Optimized interpretation of p53 immunohistochemistry for prediction of TP53 mutations and patient survival in DLBCL
摘要
The prognostic value of p53 immunohistochemical (IHC) staining in diffuse large B cell lymphoma (DLBCL) remains controversial. We retrospectively included 149 patients who were diagnosed with and treated for DLBCL at Peking Union Medical College Hospital (PUMCH). TP53 IHC staining and TP53 sequencing was performed from paraffin-embedded biopsy tissues. Clinical information including basic characteristics and outcome was collected for data analysis.
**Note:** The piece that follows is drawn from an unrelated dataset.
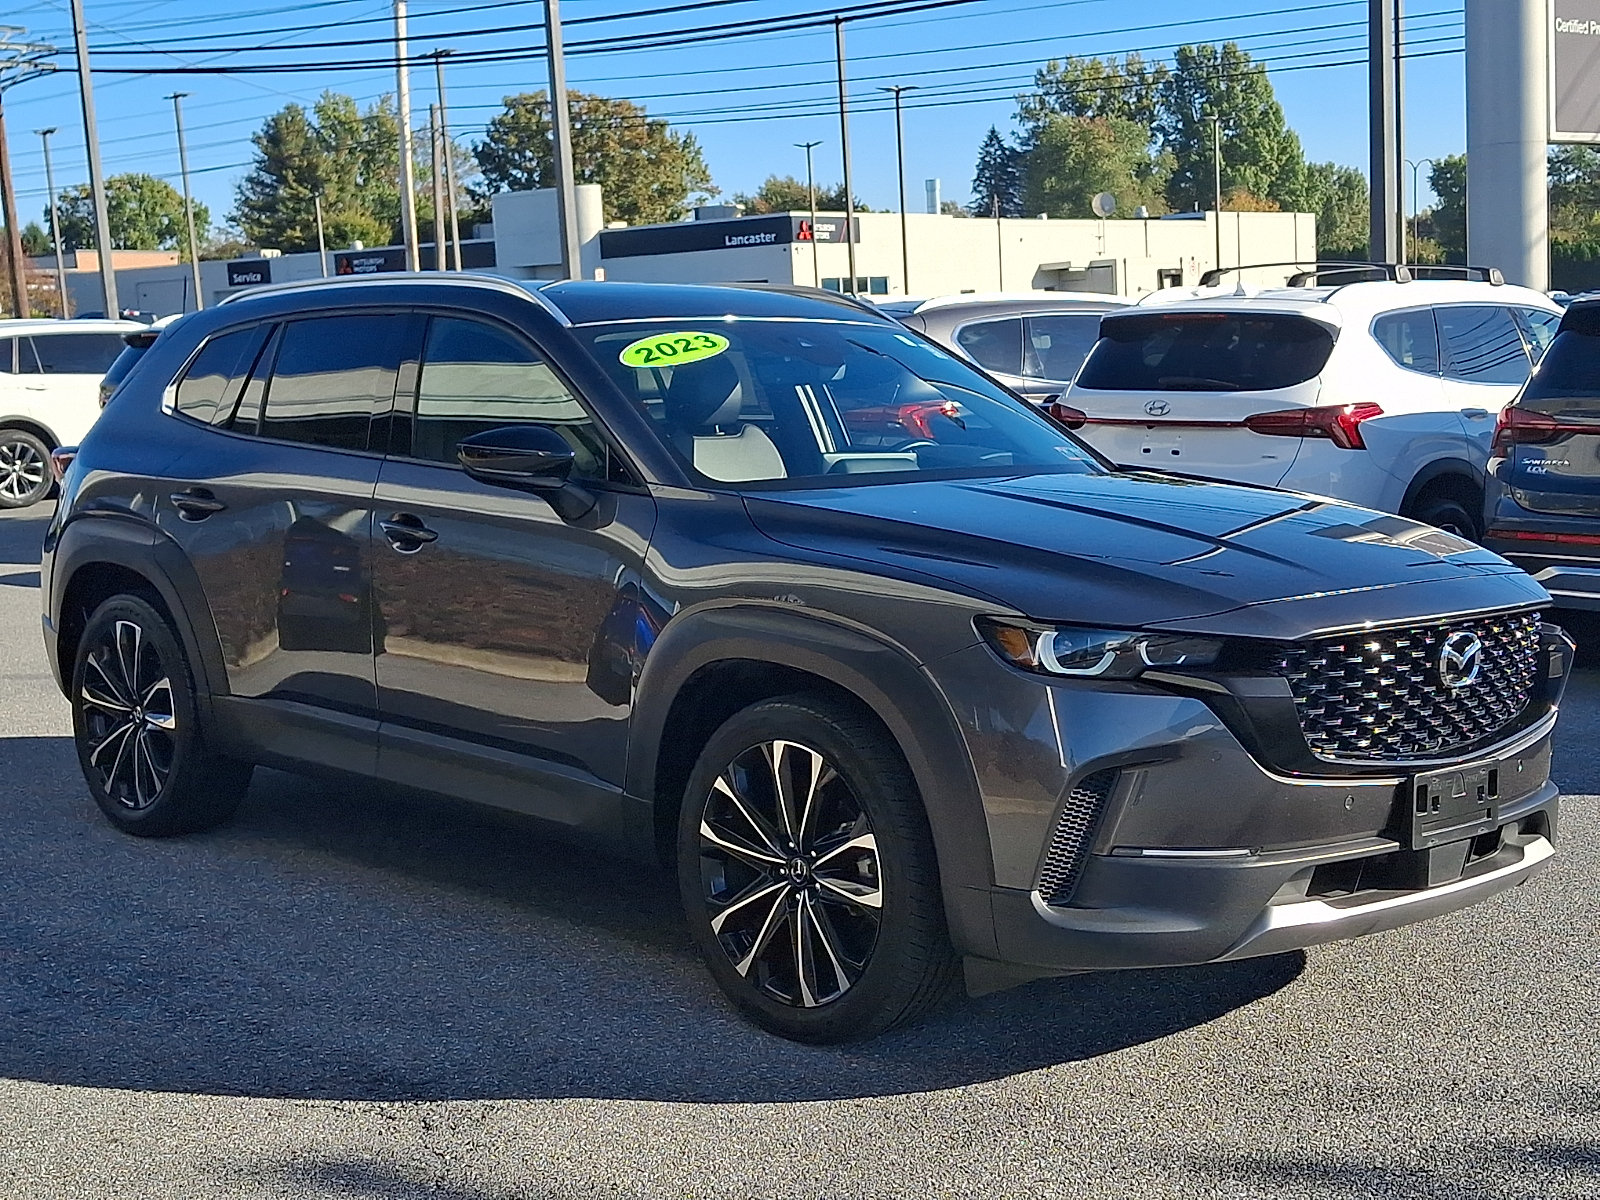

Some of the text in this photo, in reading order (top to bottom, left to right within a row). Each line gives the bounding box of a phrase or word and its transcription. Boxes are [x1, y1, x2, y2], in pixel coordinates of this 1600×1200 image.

An internal validation cohort of 58 patients with DLBCL was also retrospectively recruited in PUMCH. In the 149 DLBCL cohort, TP53 mutations were detected in 40 patients, with 29 harboring damaging mutations. TP53 mutation showed no significant correlation with either PFS (p = 0.065) or OS (p = 0.140), whereas damaging TP53 mutations were significantly correlated with poor PFS (p = 0.008) and OS (p = 0.030). A novel P53 IHC reading pattern was identified. Using the percentage of cells with strong p53 intensity (p53str) as IHC readout, we discovered a significant correlation of high p53str staining (p53strhigh) with TP53 damaging mutation (p = 0.001). Importantly, p53strhigh was significantly correlated with poorer PFS (p < 0.001) and OS (p = 0.001). The estimated 5-year PFS and 5-year OS rates were 58.8% and 74.3% for p53strlow, and 17.9% (p = 0.001) and 30.1% (p < 0.001) for p53strhigh. Incorporating p53str into the IPI score significantly improved risk stratification of DLBCL. An internal validation cohort of 58 DLBCL patients confirmed the prognostic value of p53str. These results indicate p53str as a promising readout for p53 IHC staining and support its role as a surrogate marker for TP53 mutations and patient survival in DLBCL.